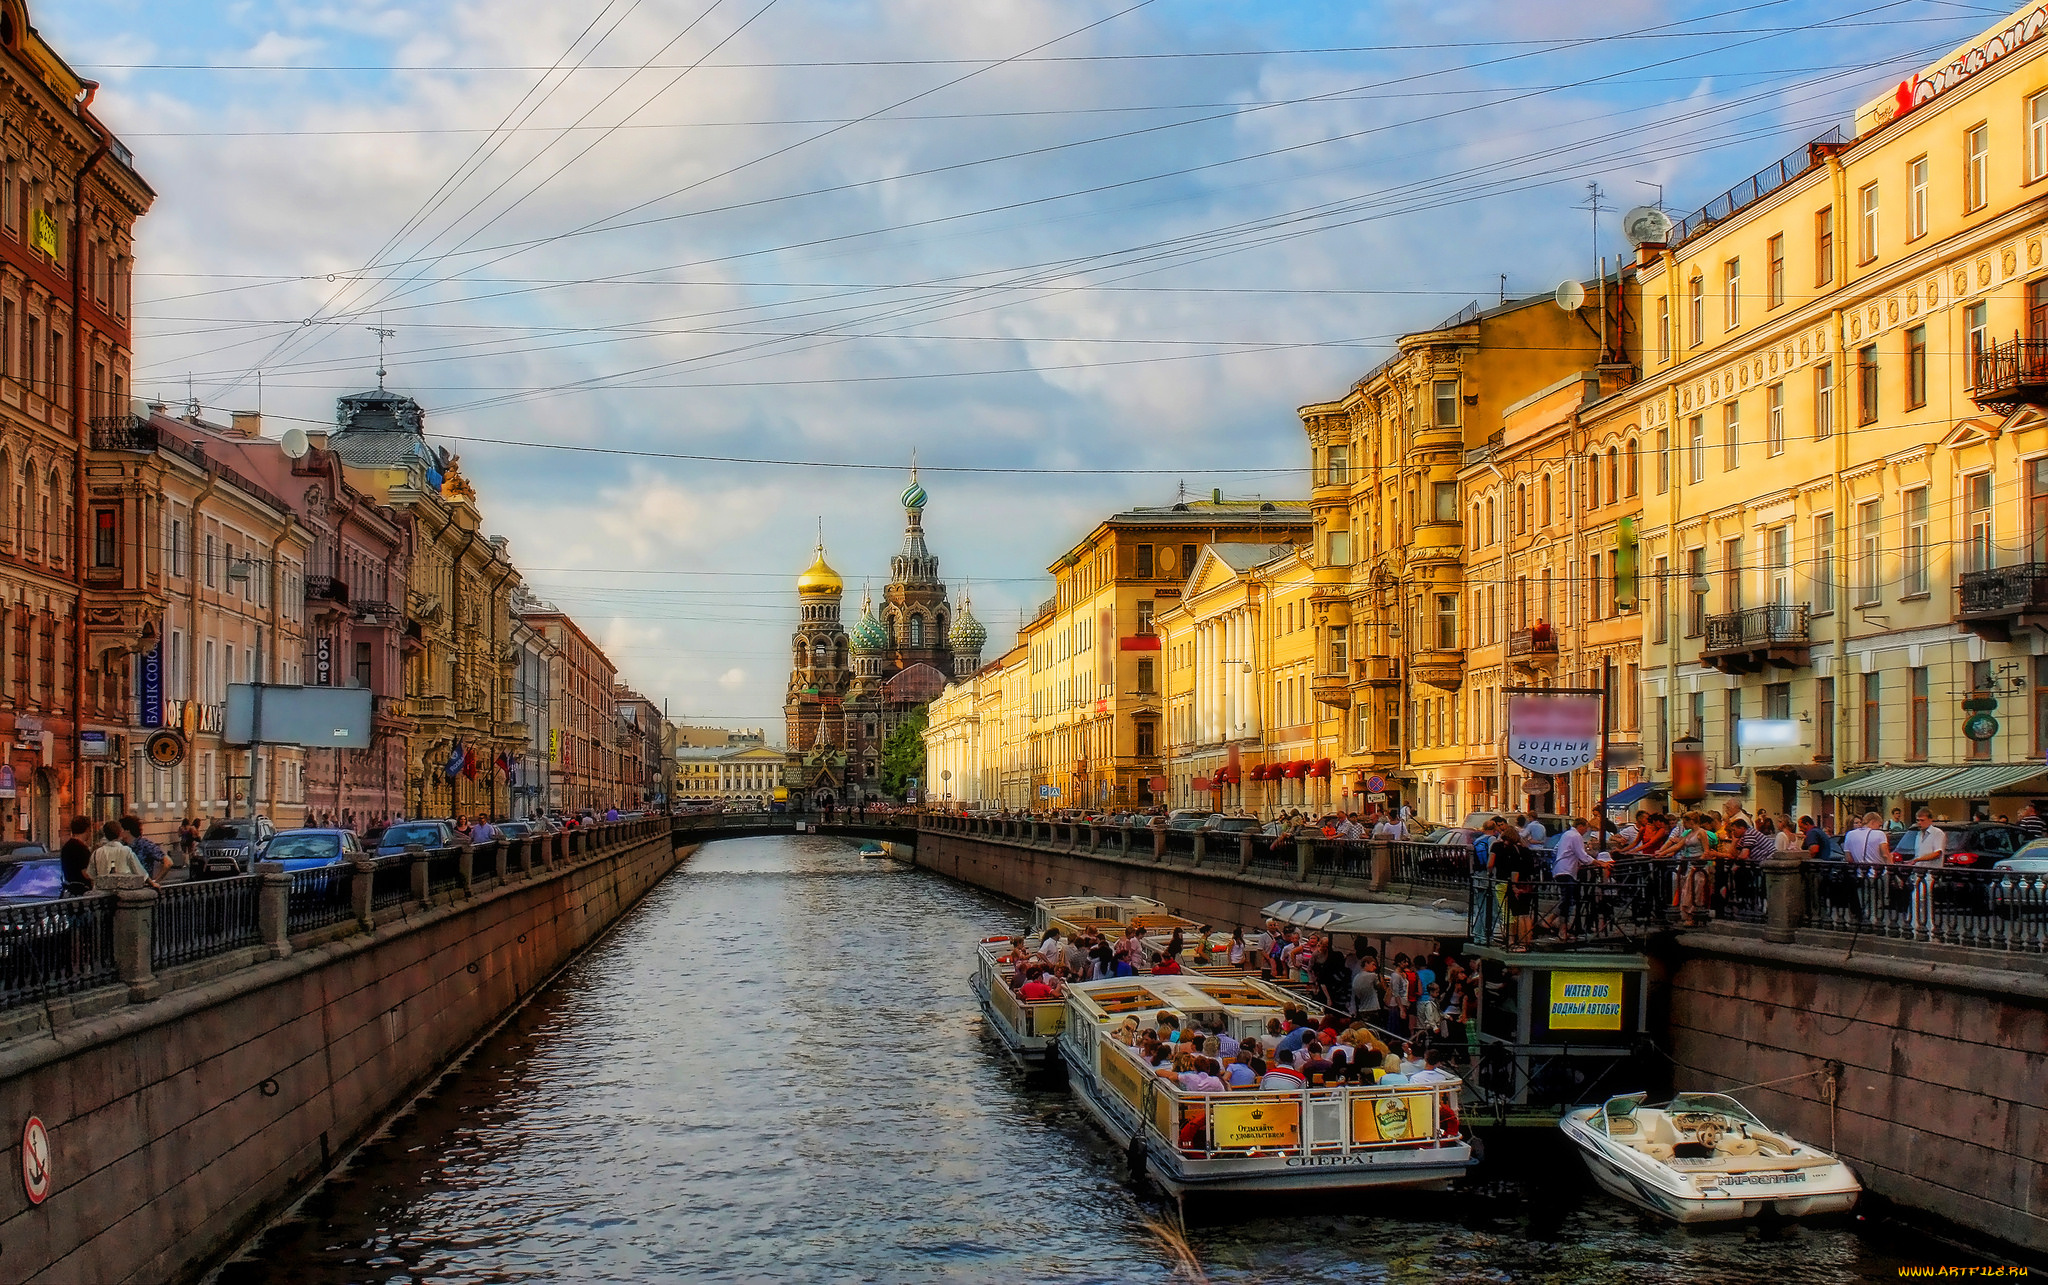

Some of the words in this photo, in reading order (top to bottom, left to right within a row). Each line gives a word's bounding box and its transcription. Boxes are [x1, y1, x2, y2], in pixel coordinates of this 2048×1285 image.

[318, 638, 329, 682] КОФЕ
[146, 684, 158, 723] БАНК
[1517, 753, 1590, 767] АВТОБУС
[1564, 984, 1591, 997] WATER
[1592, 985, 1609, 997] BUS
[1552, 1001, 1586, 1016] ВОДНЫЙ
[1586, 1003, 1620, 1015] АВТОБУС
[1238, 1124, 1274, 1132] Отдыхайте
[1235, 1132, 1285, 1140] удовольствием
[1285, 1154, 1364, 1166] СИЕРРА
[1718, 1172, 1806, 1186] МИРОСЛАВА
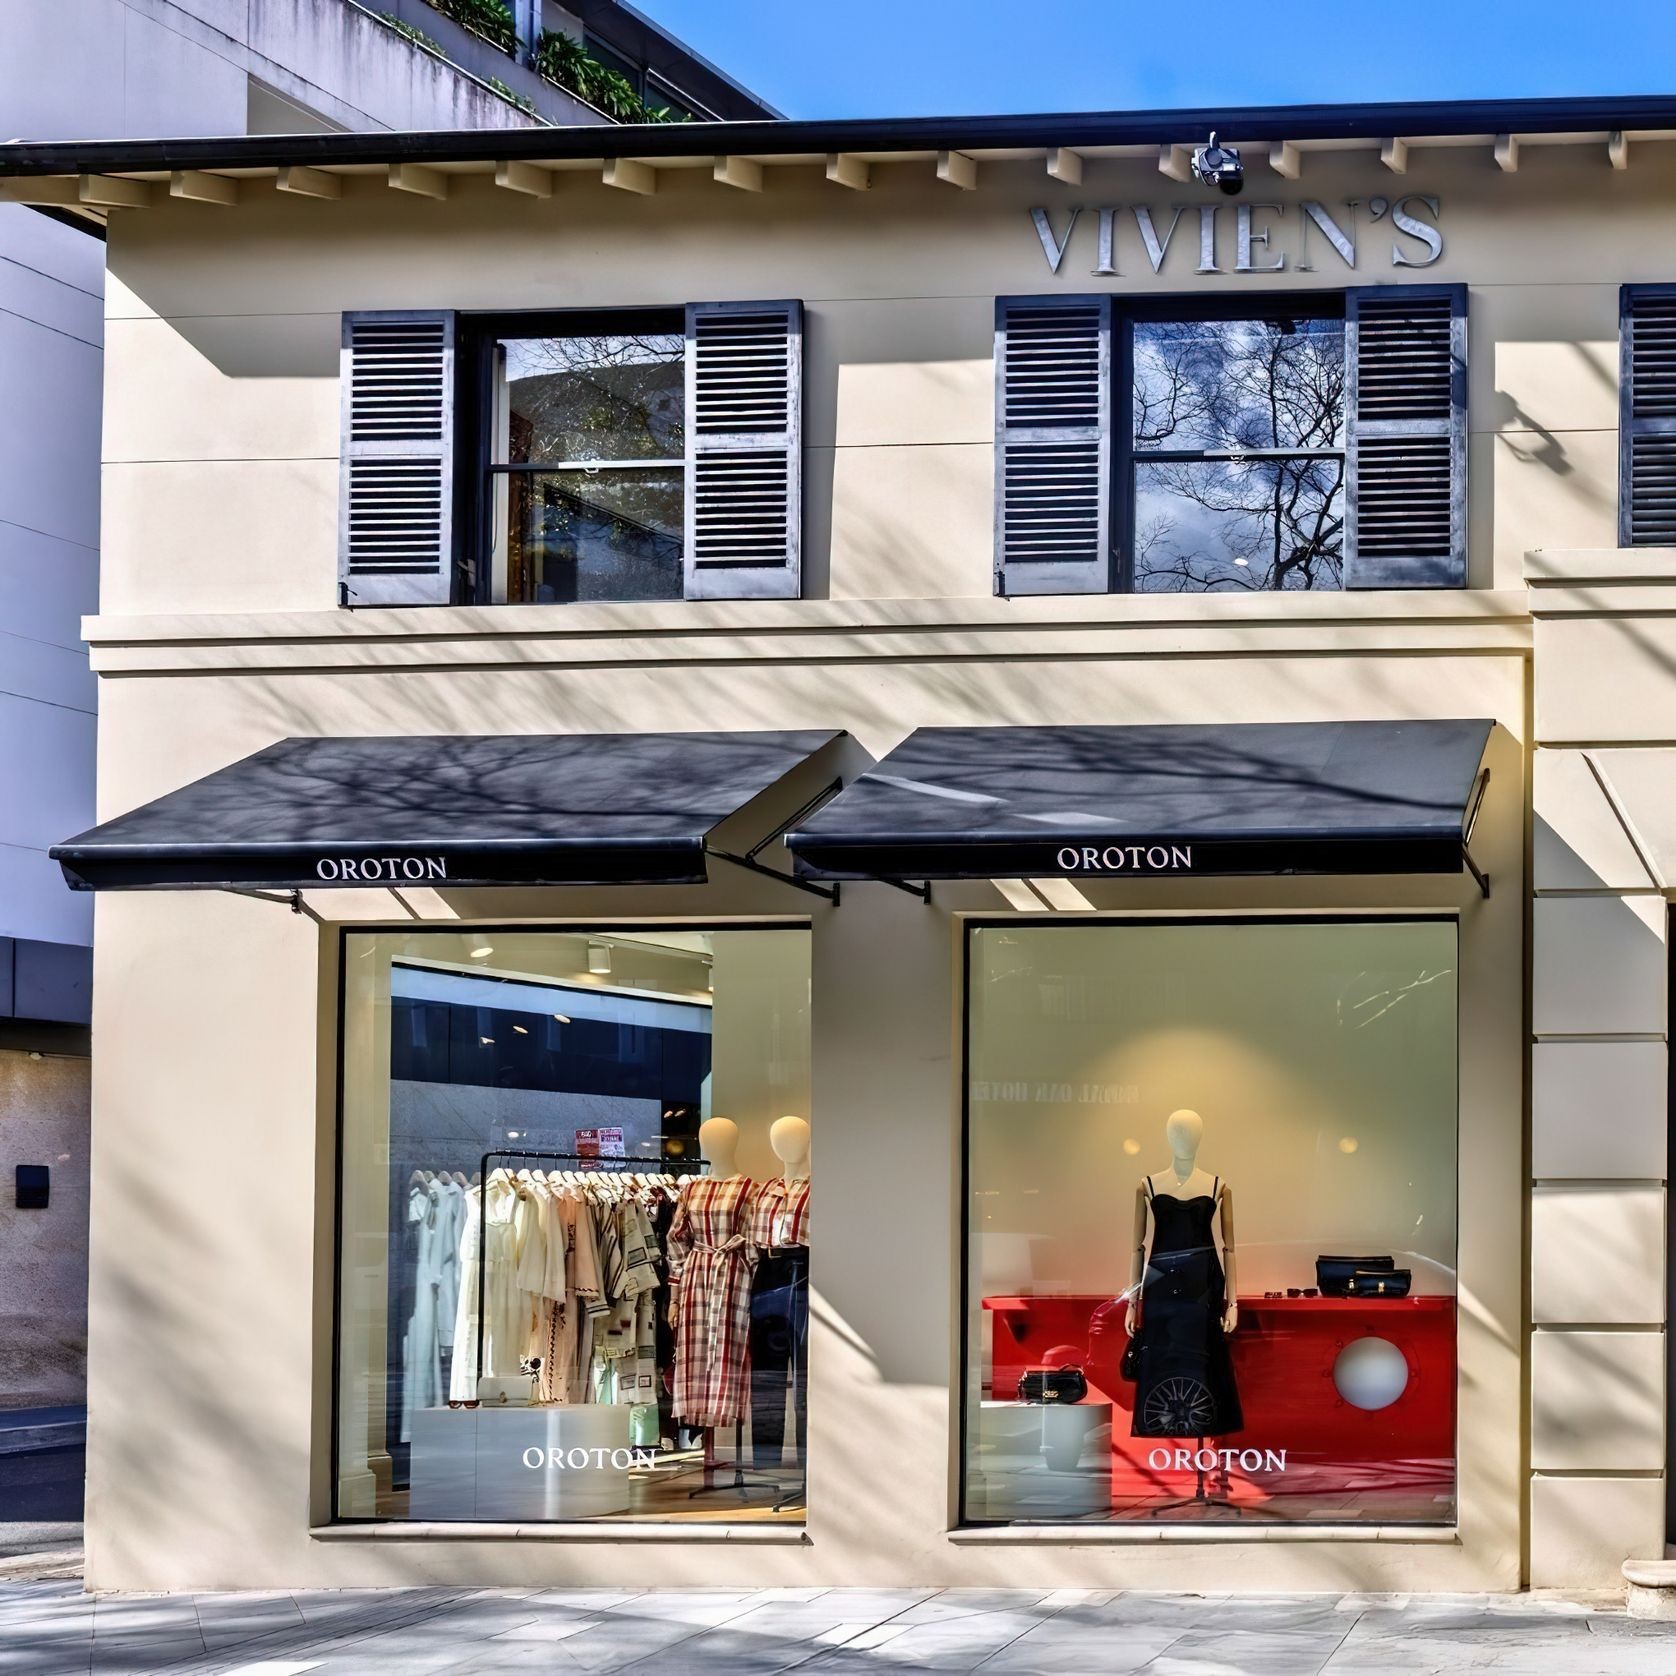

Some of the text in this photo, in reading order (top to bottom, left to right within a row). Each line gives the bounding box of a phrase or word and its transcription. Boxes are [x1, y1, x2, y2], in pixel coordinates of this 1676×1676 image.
= = =
* **PROBLEM REQUIREMENTS**:
Write out the whole listing again, exactly, with no pictures.

* **ANSWER FOR THE TASK**:
Some of the words in this photo, in reading order (top to bottom, left to right within a row). Each line gives a word's bounding box and its transcription. Boxes are [x1, y1, x2, y2], in pixel coordinates of this 2048×1285 image.

[318, 638, 329, 682] КОФЕ
[146, 684, 158, 723] БАНК
[1517, 753, 1590, 767] АВТОБУС
[1564, 984, 1591, 997] WATER
[1592, 985, 1609, 997] BUS
[1552, 1001, 1586, 1016] ВОДНЫЙ
[1586, 1003, 1620, 1015] АВТОБУС
[1238, 1124, 1274, 1132] Отдыхайте
[1235, 1132, 1285, 1140] удовольствием
[1285, 1154, 1364, 1166] СИЕРРА
[1718, 1172, 1806, 1186] МИРОСЛАВА

Some of the text in this photo, in reading order (top to bottom, left to right within a row). Each line gives the bounding box of a phrase or word and its transcription. Boxes are [x1, y1, x2, y2], in pixel coordinates of this 1676×1676 image.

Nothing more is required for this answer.